It is not unusual, in periods of massive economic, social, and demographic change, to witness a wide range of intellectual responses to a single dilemma. The aggressive “nationalism” of Nxele is one such reaction. But while Nxele stressed a combination of militaristic tactics and prophetic statements, the cattle-killing stressed only the latter. Behind the slaughter lay another, final, attempt to resolve traditional Xhosa beliefs with those of the Christian West.
The movement began early in 1856 with the visions of a young girl, Nongquase, and her development as a Xhosa spirit-medium. In her visions Nongquase saw ten black strangers at a pool near the Kei River. Her father, a diviner and member of the royal lineage, took these visions seriously. After four days of ritual purification, he confirmed his daughter’s prophecy, expanding on her pronouncements. He taught that the strangers at the pool were Russians (rumors of the Crimean War were widespread throughout South Africa at the time) involved in armed struggle against the British. In the Xhosa synthesis, the Russians—who were black—were perceived as mutual enemies of the British; together they could expel their Western oppressors.
But a militaristic movement did not develop. Instead, a “supernatural” one prevailed. In order to secure the help of the ancestors, followers taught, the Xhosa were to disavow their practice of witchcraft. But, most importantly, they were to destroy all of their cattle—the ultimate source of their livelihood—since they would be replaced in the “next world.” The millennium had come to Xhosaland, and cattle were the key to eternal peace.
To fully understand the cattle-killing movement, a number of cultural details need to be examined. Although prophetic visions and dreams were not considered extraordinary in Xhosa society, the appearance of female spirit-mediums was comparatively rare. Female participation in ritual events was, in principle, prohibited, but the cattle-killing was dominated by the visions of young girls.
For example, the chief of the neighboring Ndlembe ordered his people to slaughter their cattle after Nokosi, the daughter of a trusted diviner, had visions confirming those of Nongquase. The visions of women, especially in times of instability, were often taken seriously in Xhosa society, since they indicated a supernatural ability which might eventually culminate in the role of a diviner. Even considering the marked domination of men in ritual roles, a few women were able to rise above their customary status without challenging the dominant ideology. In the majority of cases, however, female spirit-mediums carried a status which was temporary and situational—one that rarely evolved into full religious and ritual leadership. This was clearly the pattern during the Xhosa cattle-killing.
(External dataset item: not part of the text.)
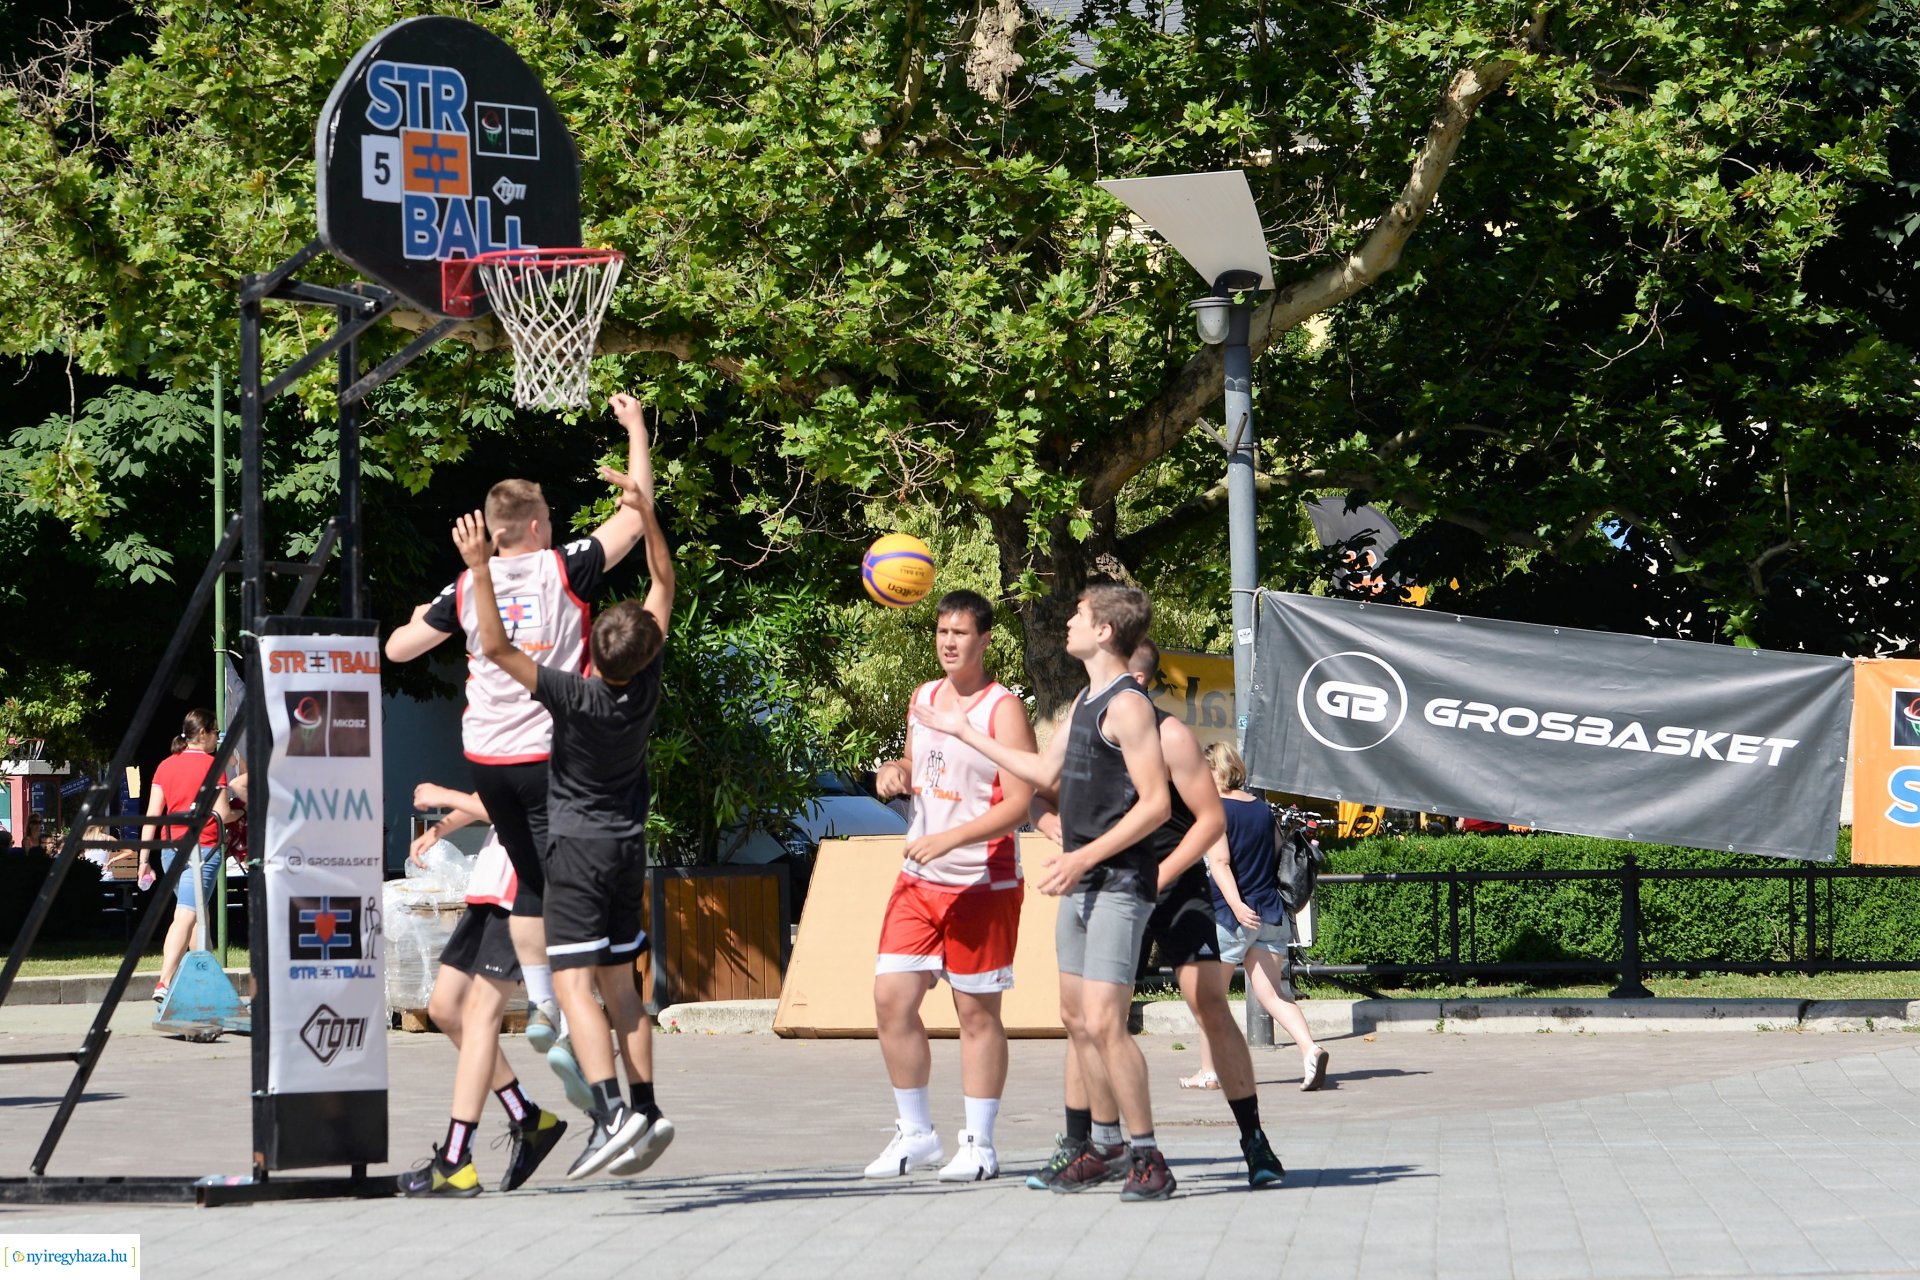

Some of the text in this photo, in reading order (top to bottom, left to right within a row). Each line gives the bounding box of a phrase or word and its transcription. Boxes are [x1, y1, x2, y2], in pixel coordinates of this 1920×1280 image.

The temporary, liminal nature of of the visions can be accounted for by the structure of religious and secular authority in Xhosaland. The prophecies of Nongquase, Nokosi, and their peers would almost certainly have been taken less seriously had it not been for their royal connections. The measure of a diviner’s success lay in his, or her, ability to gain a following. Diviners acted through the secular power of chiefs in Xhosaland; they were not independent agents. As in the case of Nxele, the ability of a diviner to gain a following was intimately linked to the authority of the chief. Nongquase and Nokosi, being daughters of diviners close to local chiefs, had an effective social “path” toward acceptance of their visions.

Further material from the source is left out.